:: Aim of the task ::
Please output all of the entries exactly and omit any images they hold.

___ Supplied data

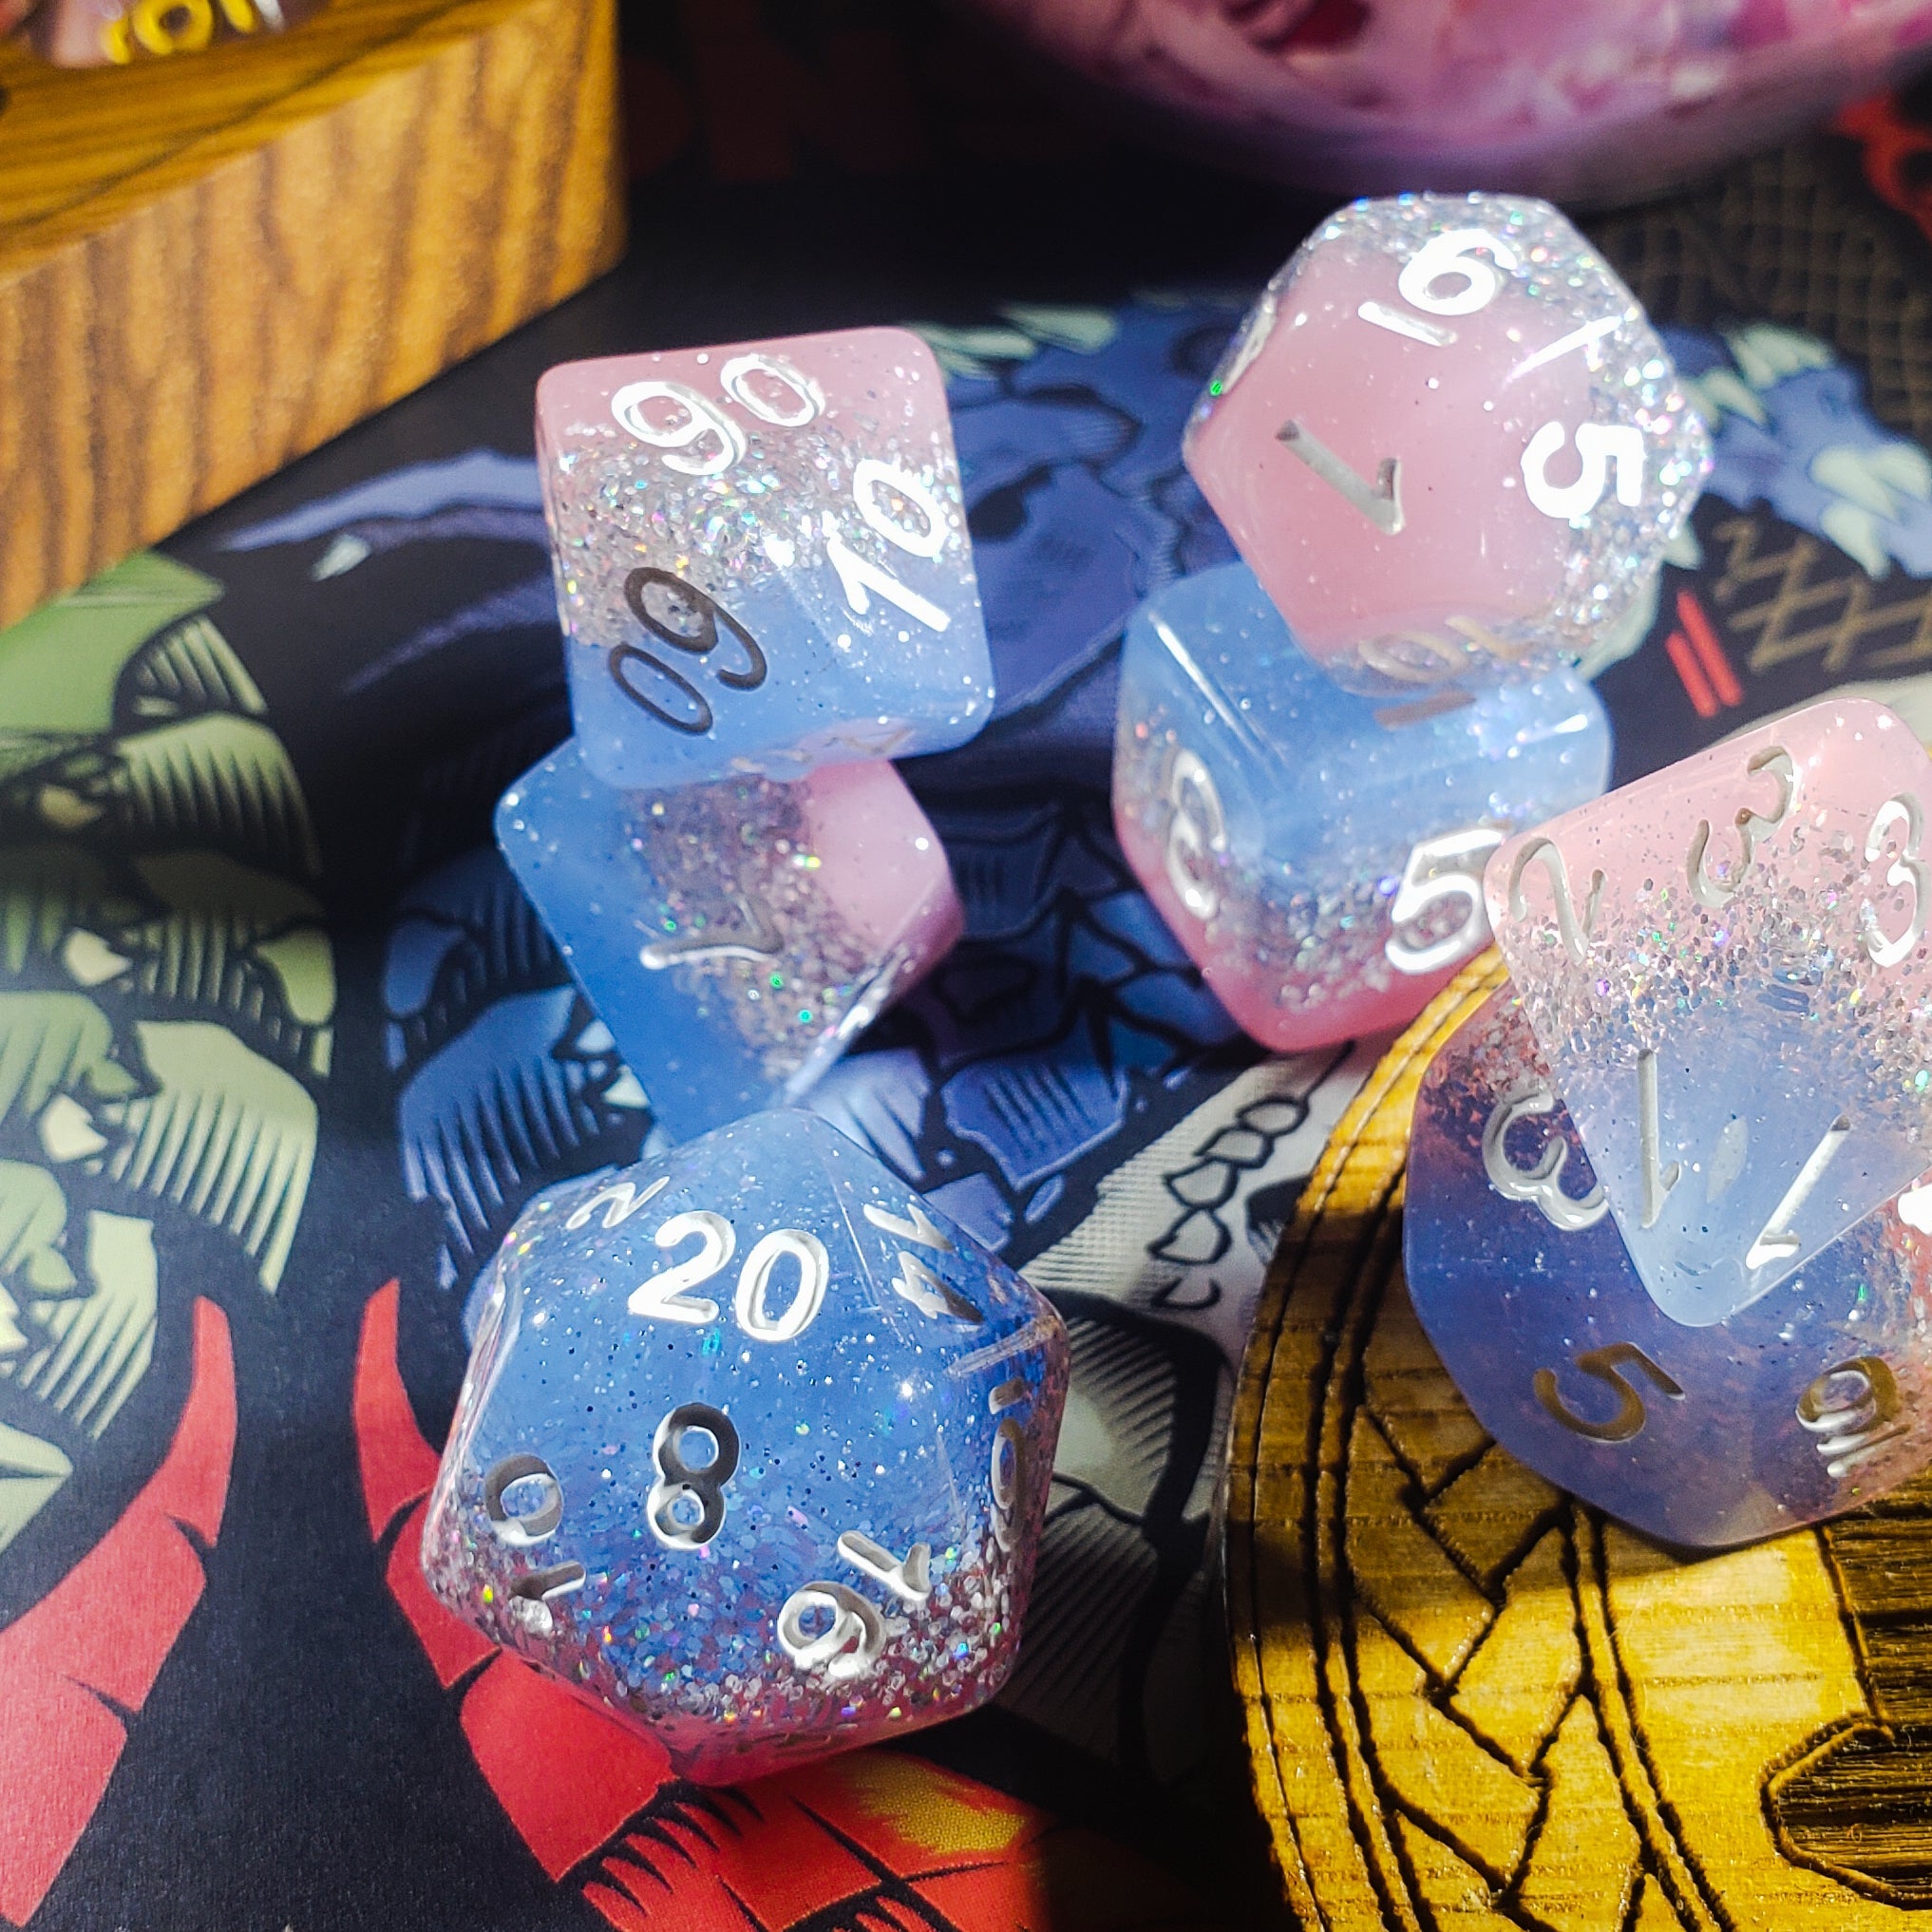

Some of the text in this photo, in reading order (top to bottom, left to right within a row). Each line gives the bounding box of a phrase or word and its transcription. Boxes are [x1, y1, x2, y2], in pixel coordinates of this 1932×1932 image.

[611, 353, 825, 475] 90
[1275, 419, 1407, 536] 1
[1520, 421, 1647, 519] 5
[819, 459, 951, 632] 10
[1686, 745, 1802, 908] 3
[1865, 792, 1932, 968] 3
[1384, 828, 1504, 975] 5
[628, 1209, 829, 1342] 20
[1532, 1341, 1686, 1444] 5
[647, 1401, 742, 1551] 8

______

:: Output of the task ::
Some of the text in this photo, in reading order (top to bottom, left to right within a row). Each line gives the bounding box of a phrase or word and its transcription. Boxes are [x1, y1, x2, y2], in pixel coordinates of this 1932×1932 image.

[611, 353, 825, 475] 90
[1275, 419, 1407, 536] 1
[1520, 421, 1647, 519] 5
[819, 459, 951, 632] 10
[1686, 745, 1802, 908] 3
[1865, 792, 1932, 968] 3
[1384, 828, 1504, 975] 5
[628, 1209, 829, 1342] 20
[1532, 1341, 1686, 1444] 5
[647, 1401, 742, 1551] 8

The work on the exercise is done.